One of the great sources of controversy in interfaith discussion is the concept of “they worship the same God we do.”
This, of course, can lead to many dangers regarding syncretism or believing “all religions are equal,” or else it can be understood in the way Chesterton, Tolkein, Lewis and Ratzinger understand it: that those religions worship the same God we do, which should lead them to be Christian, because their revelation points to the same God.
Well, Gen 14:18-20, read at mass today, tells the story of Abraham and Melchizedek.
Now, Melichizedek is a figure of much discussion, given the three references to him in Scripture. The rabbis debate how his priesthood relates to the Aaronic priesthood, while Christians debate how his identity relates to Christ. The rabbinical tradition and the Dead Sea Scrolls seem to equate him with the Messiah, and some rabbis even claim he was born of a virgin. Gnostics equate him with Christ.
Some have said he’s Methuselah; others say he’s Shem, son of Noah.
Whatever the case, Melchizedek’s priesthood prefigures Christ’s because both are priest-kings, both offer bread and wine, etc.
Now, at the base of a lot of these controversies is the priesthood of Melchizedek, during the time of Abraham, outside the Old Law. We’re used to thinking, after all, that the direct line of patriarchs from Adam to Noah to Abraham are the only ones who count.
Here’s the passage pertaining Melchizedek’s priesthood:
“being a priest of God Most High, he blessed Abram ” (Gen 14:18).
Now, here’s what strikes me about this particular passage today: we tend to emphasize the fact that Melchizedek is a priest, and question how he got to be one. Of course, the extrabiblical tradition and implication of Hebrews 7:3 imply that Melchizedek was always a priest, but that’s not what I’m focusing on here.
Instead of focusing on the fact that Melchizedek was a priest–there were lots of “priests” in those days–we should be focusing on the fact that Melchizedek of “God Most High,” or “Elohim.”
So, in other words, Abram went to Melchizedek, as opposed to other priests, because Melchizedek was actually a priest in the service of Elohim. Abraham was not the only worshipper of Elohim in the Near East at the time, and we know of course that all of Abraham’s descedants, not just those of Isaac, and not just the descedants of Jacob, worshipped Elohim to some degree. Sadly, Elohim was worshipped among other gods, but of course monotheism had not been formally commanded yet.
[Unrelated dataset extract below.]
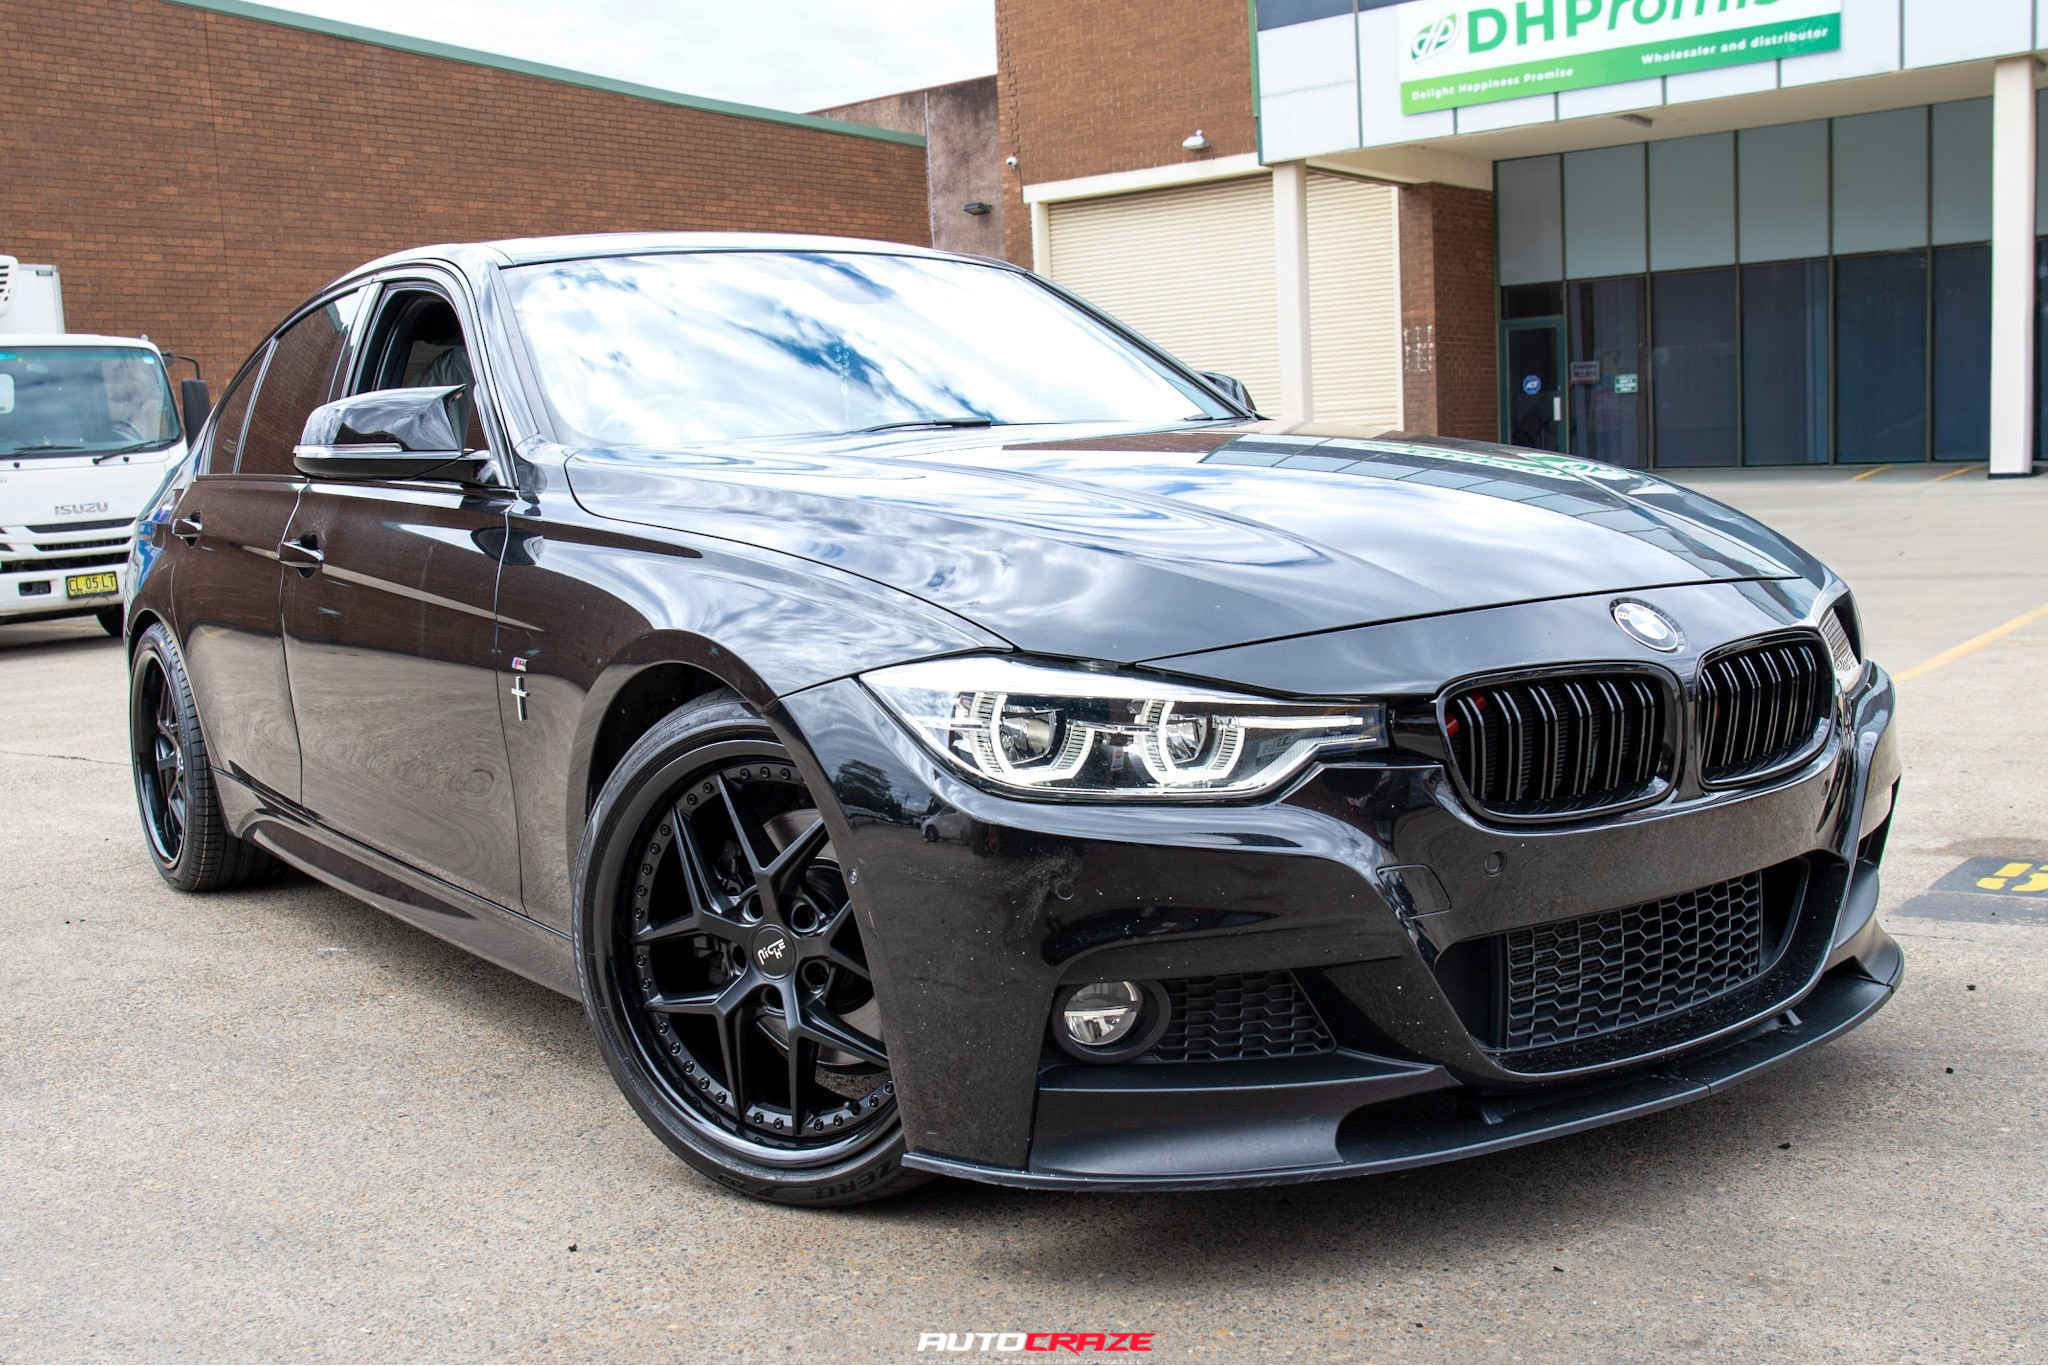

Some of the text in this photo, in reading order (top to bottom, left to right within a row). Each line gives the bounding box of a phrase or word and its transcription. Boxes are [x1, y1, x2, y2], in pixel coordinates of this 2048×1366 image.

[1641, 27, 1829, 65] Wholesaler and distributor
[1411, 67, 1574, 101] Delight Happiness Promise
[54, 502, 109, 516] ISUZU
Even in the Hebrew tradition, the emphasis was on Elohim’s role as a household God: “the God of Abraham, Isaac and Jacob.”
So, it is possible, even among the pagans, to find people who are worshippers of Elohim. And if that was possible in the Near East, shouldn’t it also be possible among other languages, as well?
It is also interesting that, while the rabbinical tradition tries to explain how Melchizedek might not have been a “Gentile”, the priesthood of Melchizedek prefigures the Christian priesthood precisely by including the Gentiles.